Dira yang diperankan Mawar de Jongh sebagai anak sulung terpaksa mengambil tanggung jawab lebih besar. Ia harus bekerja dan menjadi penopang keluarga di tengah kebingungan arah hidup.
Sementara itu, Darin yang dimainkan Rey Bong turut merasakan dampak dari kondisi keluarga yang tidak stabil. Hubungan antar anggota keluarga pun semakin renggang.
Film ini menyoroti rapuhnya keseimbangan keluarga ketika satu peran penting tidak berjalan sebagaimana mestinya. Sosok ayah yang seharusnya menjadi penuntun justru kehilangan arah dalam menjalankan tanggung jawabnya.

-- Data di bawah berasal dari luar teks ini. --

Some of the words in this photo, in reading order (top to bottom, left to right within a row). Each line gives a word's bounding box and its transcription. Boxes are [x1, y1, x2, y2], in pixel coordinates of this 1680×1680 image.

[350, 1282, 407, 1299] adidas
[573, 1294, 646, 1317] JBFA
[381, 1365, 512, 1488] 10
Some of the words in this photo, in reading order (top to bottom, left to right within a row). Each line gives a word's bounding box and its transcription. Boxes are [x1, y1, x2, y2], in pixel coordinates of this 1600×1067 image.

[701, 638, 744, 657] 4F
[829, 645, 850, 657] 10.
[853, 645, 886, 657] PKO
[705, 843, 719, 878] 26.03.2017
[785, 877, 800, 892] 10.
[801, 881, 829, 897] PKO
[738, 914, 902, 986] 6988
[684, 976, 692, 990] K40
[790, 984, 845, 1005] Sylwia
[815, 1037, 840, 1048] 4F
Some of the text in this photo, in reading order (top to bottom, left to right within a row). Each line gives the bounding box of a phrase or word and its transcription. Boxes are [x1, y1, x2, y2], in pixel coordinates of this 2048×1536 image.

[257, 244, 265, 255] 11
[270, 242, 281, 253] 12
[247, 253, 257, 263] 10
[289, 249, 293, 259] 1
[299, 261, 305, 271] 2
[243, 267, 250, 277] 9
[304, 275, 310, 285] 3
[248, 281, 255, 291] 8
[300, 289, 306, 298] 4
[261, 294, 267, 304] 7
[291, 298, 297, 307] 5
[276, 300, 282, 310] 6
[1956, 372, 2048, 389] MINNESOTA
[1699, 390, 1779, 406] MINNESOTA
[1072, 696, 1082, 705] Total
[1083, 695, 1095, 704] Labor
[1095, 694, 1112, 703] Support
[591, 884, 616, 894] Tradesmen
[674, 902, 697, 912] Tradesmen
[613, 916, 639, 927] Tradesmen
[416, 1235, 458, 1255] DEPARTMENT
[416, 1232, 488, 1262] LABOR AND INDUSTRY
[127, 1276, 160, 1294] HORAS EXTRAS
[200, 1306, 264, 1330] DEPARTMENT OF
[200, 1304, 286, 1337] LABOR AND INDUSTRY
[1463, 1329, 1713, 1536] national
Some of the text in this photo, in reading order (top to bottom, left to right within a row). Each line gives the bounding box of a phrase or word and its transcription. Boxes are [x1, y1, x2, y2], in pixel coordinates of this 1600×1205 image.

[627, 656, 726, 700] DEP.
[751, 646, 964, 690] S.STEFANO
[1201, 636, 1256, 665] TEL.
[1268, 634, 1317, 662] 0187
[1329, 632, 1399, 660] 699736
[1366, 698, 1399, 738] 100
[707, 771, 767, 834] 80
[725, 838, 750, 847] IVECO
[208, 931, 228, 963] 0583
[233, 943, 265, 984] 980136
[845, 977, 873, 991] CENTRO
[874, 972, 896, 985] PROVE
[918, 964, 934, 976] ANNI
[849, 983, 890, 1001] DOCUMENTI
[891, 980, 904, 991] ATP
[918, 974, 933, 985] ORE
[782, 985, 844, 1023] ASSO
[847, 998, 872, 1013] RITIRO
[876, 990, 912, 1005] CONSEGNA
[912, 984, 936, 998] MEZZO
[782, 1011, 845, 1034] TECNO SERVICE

Di sisi lain, karakter Lia tampil sebagai figur ibu yang kuat dan penuh pengorbanan. Ia tetap berusaha menjaga keutuhan keluarga meski menghadapi luka fisik dan emosional.
Cerita juga menggambarkan bagaimana anak bisa “dipaksa” tumbuh lebih cepat dalam situasi sulit. Dira menjadi representasi anak muda yang harus dewasa sebelum waktunya.
Sejak penayangan perdananya, film ini mendapat banyak respons emosional dari penonton. Banyak yang mengaku tersentuh dan merasa cerita yang diangkat sangat dekat dengan realita kehidupan keluarga.
Penampilan para aktor dinilai kuat dan mampu menghidupkan konflik secara natural. Chemistry antar pemain membuat emosi dalam film terasa lebih dalam dan menyentuh.
Selain menyajikan drama, film ini juga mengajak penonton untuk refleksi diri. Pesan tentang komunikasi dalam keluarga menjadi salah satu poin penting yang disampaikan.
Dengan dukungan pemain lain seperti Baskara Mahendra, Kiara Mckenna, Dinda Kanyadewi, dan Azami Syauqi, film ini semakin kuat secara emosional. “Ayah, Ini Arahnya Ke Mana, Ya?” menjadi salah satu tontonan yang layak disaksikan bagi pecinta drama keluarga.